IN NOME DEL POPOLO ITALIANO

 

Il Tribunale di Roma, quinta sezione civile, in composizione monocratica, nella persona del giudice dott. Paolo Russo, ha emesso la seguente

S E N T E N Z A

nella causa civile di primo grado iscritta al n. 42003 del ruolo generale degli affari contenziosi civili dell’anno 2006, decisa all’udienza del 11.01.2008, e vertente

TRA

B.R., elettivamente domiciliato in Roma, (OMISSIS) presso lo studio dell’avv. (OMISSIS) che lo rappresenta e difende per procura a margine del ricorso

                                                                                                                                                                       ricorrente

e

C.M.A.

resistente contumace

SVOLGIMENTO DEL PROCESSO

Con ricorso depositato il 15.06.2006 B.R., premesso che con proposta del luglio 2005 si era impegnato per un periodo di due anni a partire dal 01.09.2005 a prendere in gestione l’azienda commerciale (bar) Tab. I e VII, sito in (OMISSIS), di proprietà di M.C; che aveva rilasciato un assegno di Euro 5.000,00, accettato dalla M.C. a titolo di “caparra confirmatoria” al momento della sottoscrizione della proposta e successivamente da quest’ultima incassato; che la stessa M.C., a seguito dell’accettazione della proposta di affitto di azienda, aveva invitato il B. ad affiancarlo al Bar dal 22.08.05 per iniziare a fare un po’ di pratica e di conseguenza il B., dopo aver rassegnato le dimissioni nella società ove lavorava con contratto a tempo indeterminato, si era iscritto in data 11.07.05 al corso per conseguire l’iscrizione Rec – registro esercenti commercio; che, però, in data 01.08.05 la C., a mezzo del suo legale, aveva rifiutato di adempiere il contratto a causa della mancanza dell’iscrizione al Rec del B.; che il motivo addotto dalla C. era privo di fondatezza, atteso il reperimento da parte del B. del sig. P.T., regolarmente iscritto al Rec; che non avevano sortito nessun effetto le successive richieste del B. per l’adempimento dei patti sottoscritti; tanto premesso, chiedeva che il Tribunale dichiarasse la risoluzione della scrittura del luglio 2005 tra lo stesso ricorrente e la M.C. per grave e colpevole inadempimento di quest’ultima e per l’effetto la condannasse alla restituzione del doppio della caparra confirmatoria pari ad € 10.000,00, oltre gli interessi legali ed al risarcimento di tutti i danni subiti e subendi a seguito dell’inadempimento, danni quantificati nella somma di € 16.000,00 o in quella diversa più congrua.

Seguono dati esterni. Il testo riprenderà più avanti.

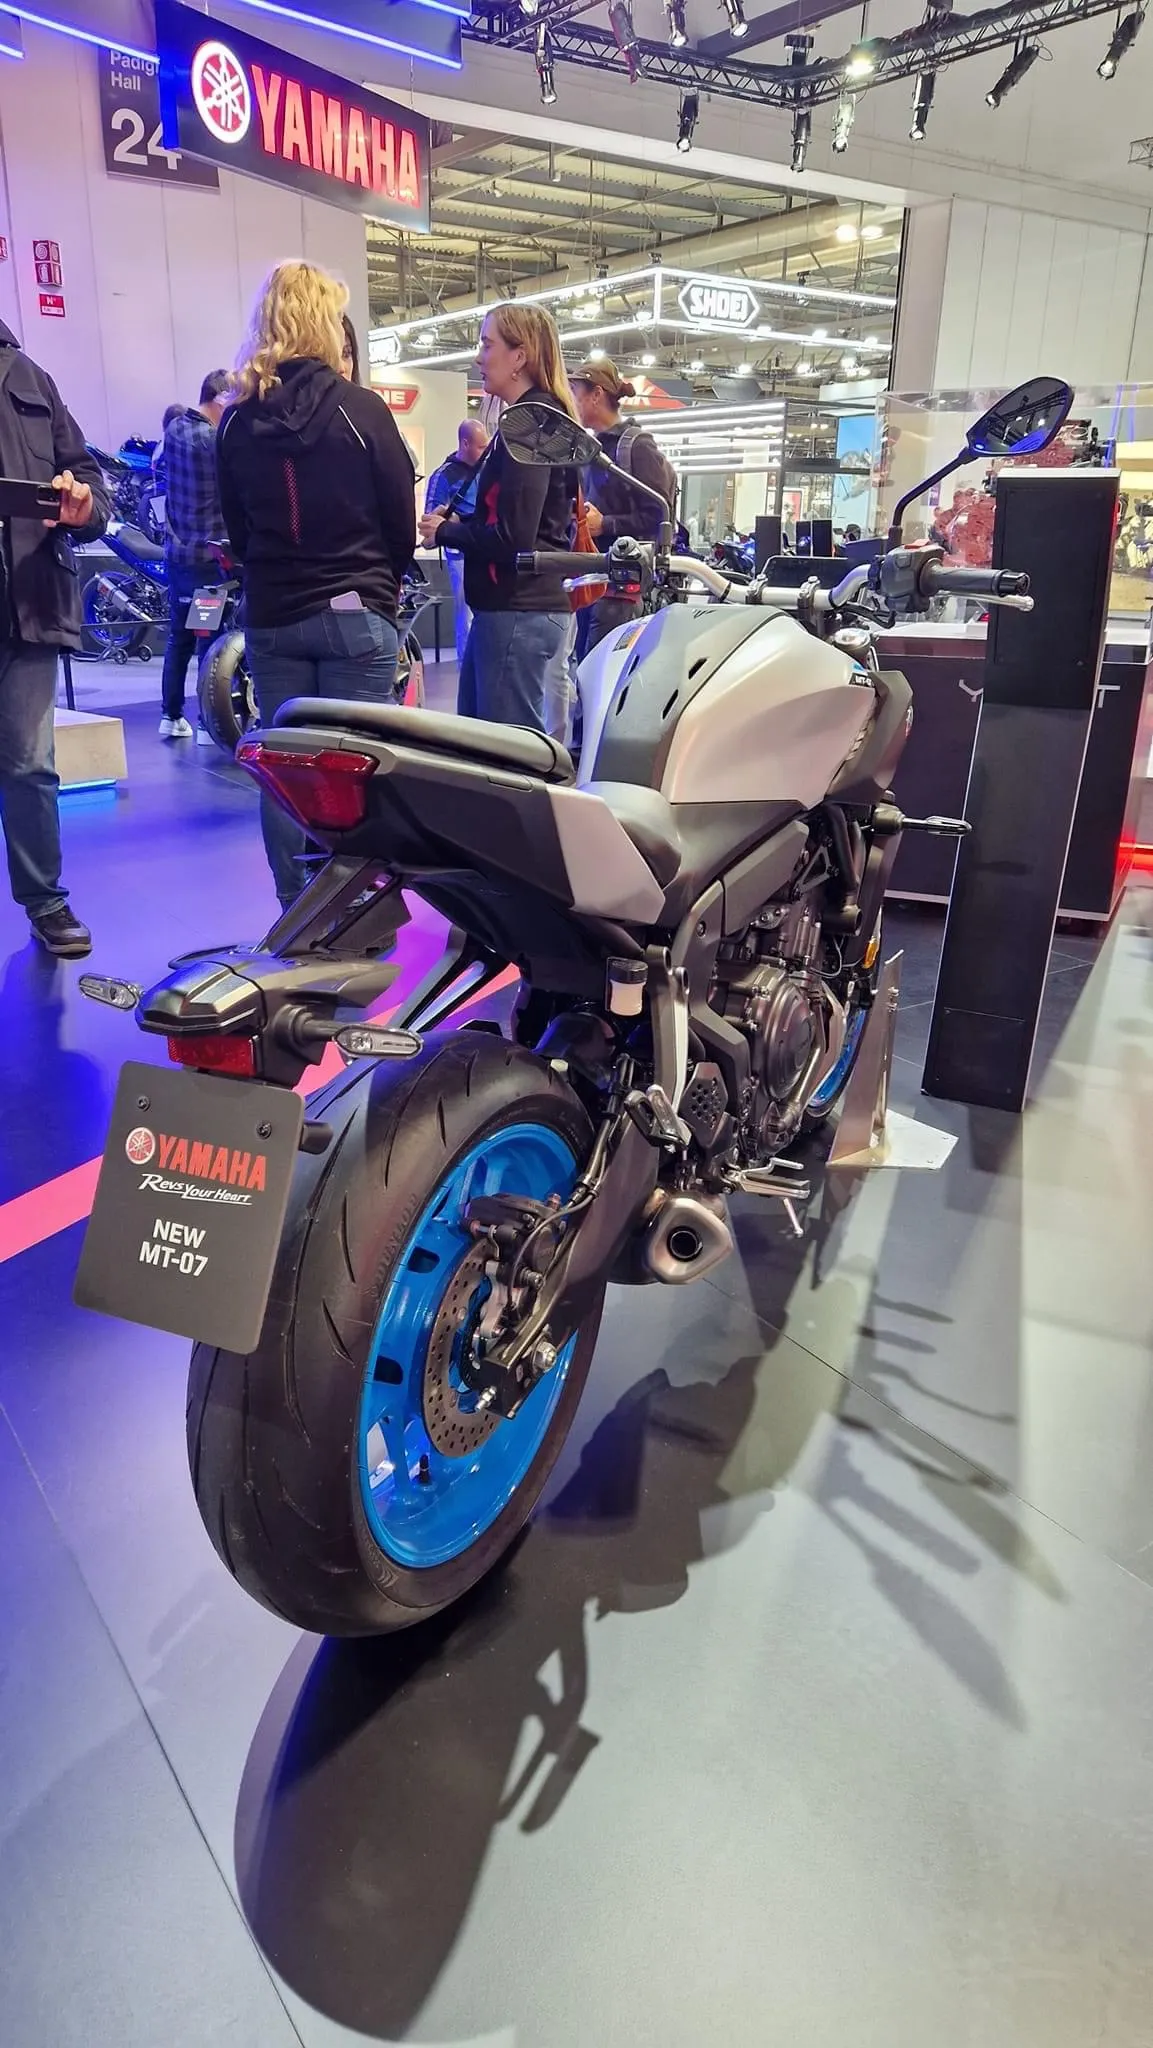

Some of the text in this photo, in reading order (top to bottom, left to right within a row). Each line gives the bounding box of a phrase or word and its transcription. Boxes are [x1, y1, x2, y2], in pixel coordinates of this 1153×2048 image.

[110, 49, 160, 76] Padigl
[111, 71, 141, 91] Hall
[111, 108, 182, 170] 24
[251, 64, 421, 209] YAMAHA
[690, 286, 749, 321] SHOEI
[159, 1134, 267, 1192] YAMAHA
[152, 1218, 206, 1249] NEW
[139, 1241, 208, 1277] MT-07
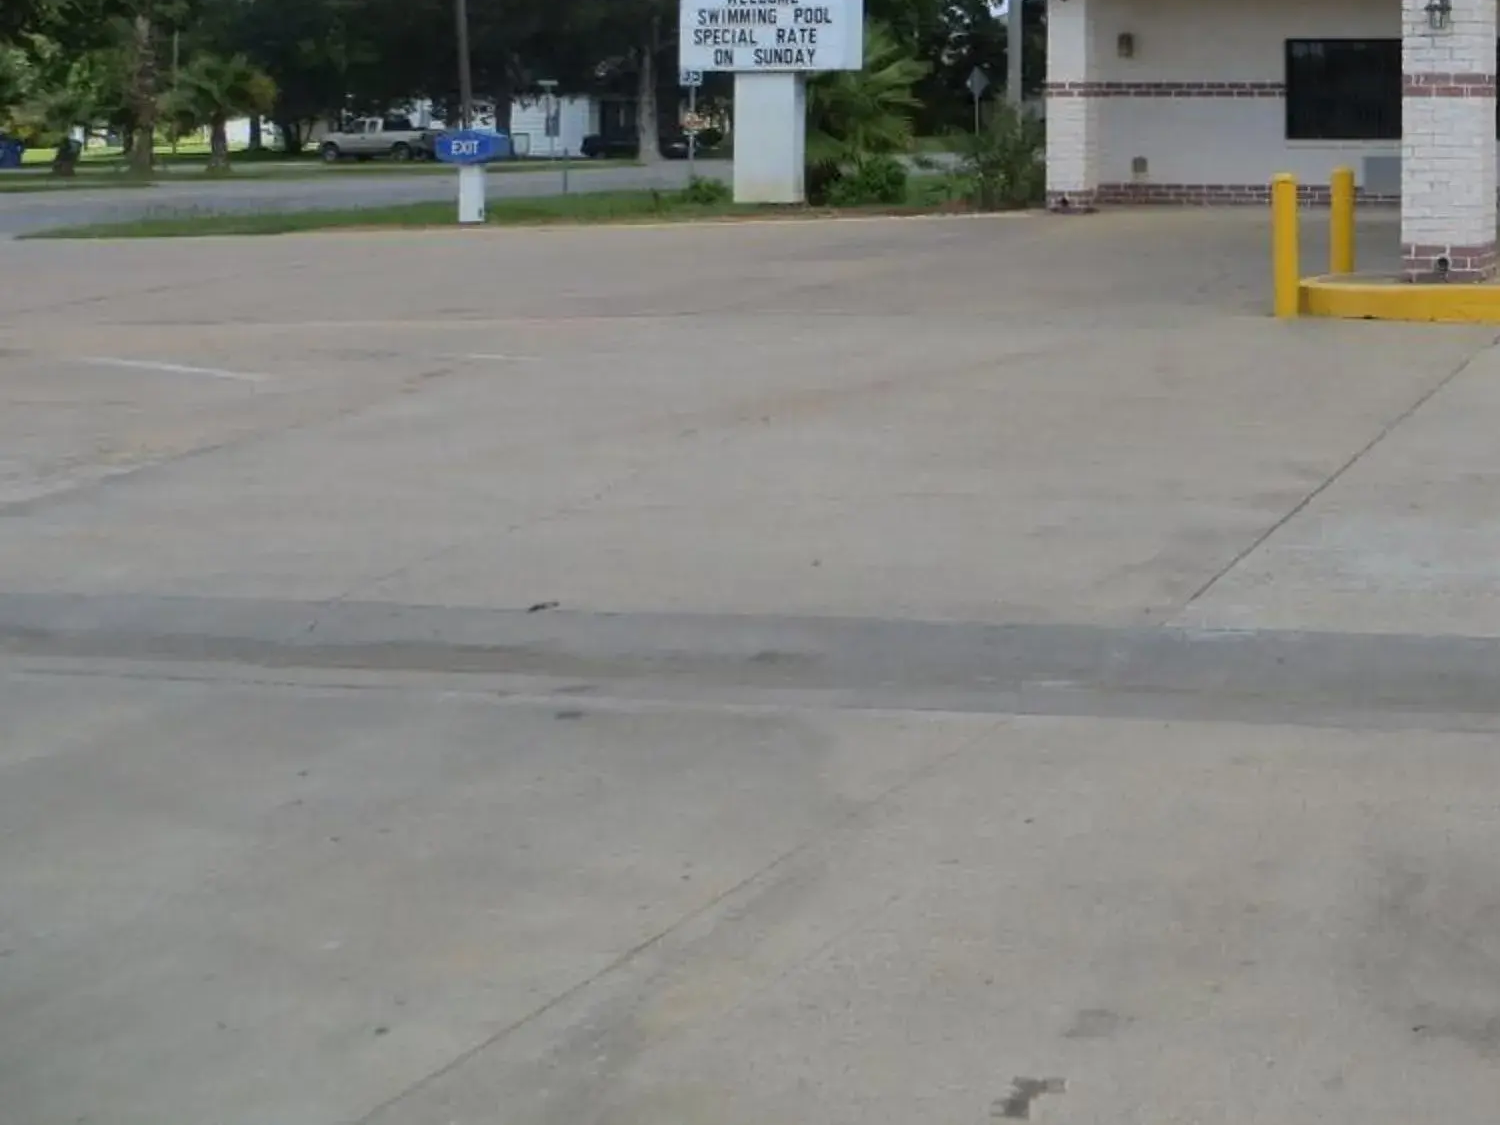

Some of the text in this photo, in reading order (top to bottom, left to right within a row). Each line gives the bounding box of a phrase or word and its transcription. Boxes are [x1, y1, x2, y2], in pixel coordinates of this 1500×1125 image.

[697, 7, 833, 25] SWIMMING POOL
[693, 27, 817, 45] SPECIAL RATE
[713, 48, 816, 66] ON SUNDAY
[451, 140, 479, 156] EXIT
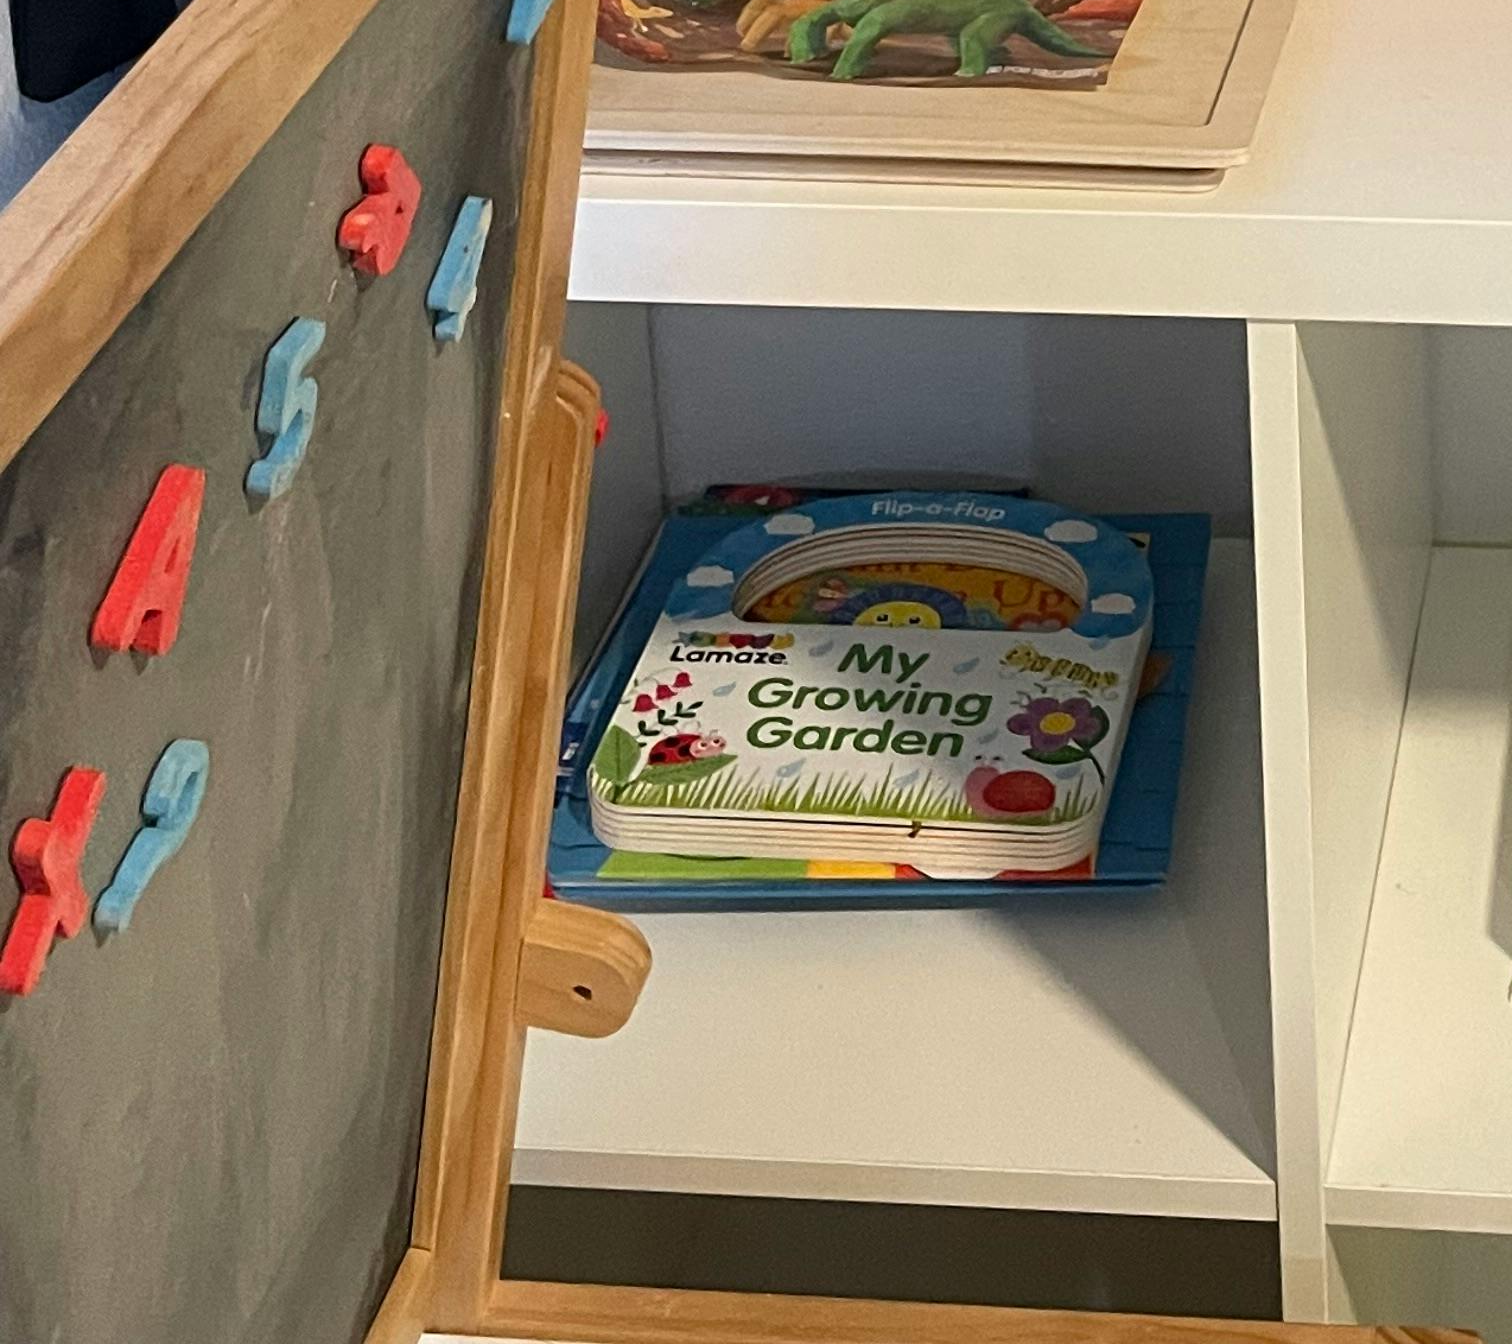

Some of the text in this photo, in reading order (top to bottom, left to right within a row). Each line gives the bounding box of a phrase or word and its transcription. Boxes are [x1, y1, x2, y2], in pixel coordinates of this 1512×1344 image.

[872, 498, 1005, 522] Flip-a-Flap
[92, 463, 205, 656] A
[670, 645, 787, 665] Lamaze
[838, 642, 930, 683] My
[747, 677, 993, 727] Growing
[747, 715, 964, 758] Garden

La parte resistente non si costituiva in giudizio, nonostante la regolare notificazione del ricorso e del decreto di fissazione dell’udienza di discussione, e veniva quindi dichiarata contumace.

Prodotti documenti, all’udienza del 11.01.2008 il giudice pronunciava sentenza dando lettura del dispositivo.

                                                                 MOTIVI DELLA DECISIONE

E’ da premettere che a norma dell’art. 2 della legge n. 287 del 1991 l’esercizio delle attività di somministrazione al pubblico di bevande ed alimenti di cui all’art. 1, comma 1, è subordinato all’iscrizione del titolare dell’impresa individuale o del legale rappresentante della società, ovvero di suo delegato, nel registro degli esercenti il commercio di cui all’art. 1 della legge 11 giugno 1971, n. 426, e successive modificazioni e integrazioni, e al rilascio dell’autorizzazione di cui all’art. 3, comma 1, della presente legge.

Alla luce di questa disposizione appare ingiustificato il rifiuto di adempiere espresso dalla resistente in relazione alla mancata in relazione alla mancata iscrizione al REC del B., atteso che quest’ultimo aveva nominato quale delegato il sig. T.P., regolarmente iscritto al registro degli esercenti presso la camera di commercio di Roma in data 10.02.2004.

Va d’altra parte considerato che nel concetto di titolarità dell’azienda occorre distinguere fra la posizione del soggetto che ne dispone, indirizzandone l’attività economica ed assumendone il rischio, da quella di chi agisce per essa nei rapporti esterni. A questa seconda ipotesi si riconducono l’intestazione della licenza di esercizio e l’scrizione al registro degli esercenti, essendo queste autorizzazioni amministrative indispensabili per l’esplicazione dell’attività commerciale, ma nell’interesse pubblico, senza interferire nei rapporti giuridici di carattere negoziale che si riconnettono, in concreto, con l’attività stessa.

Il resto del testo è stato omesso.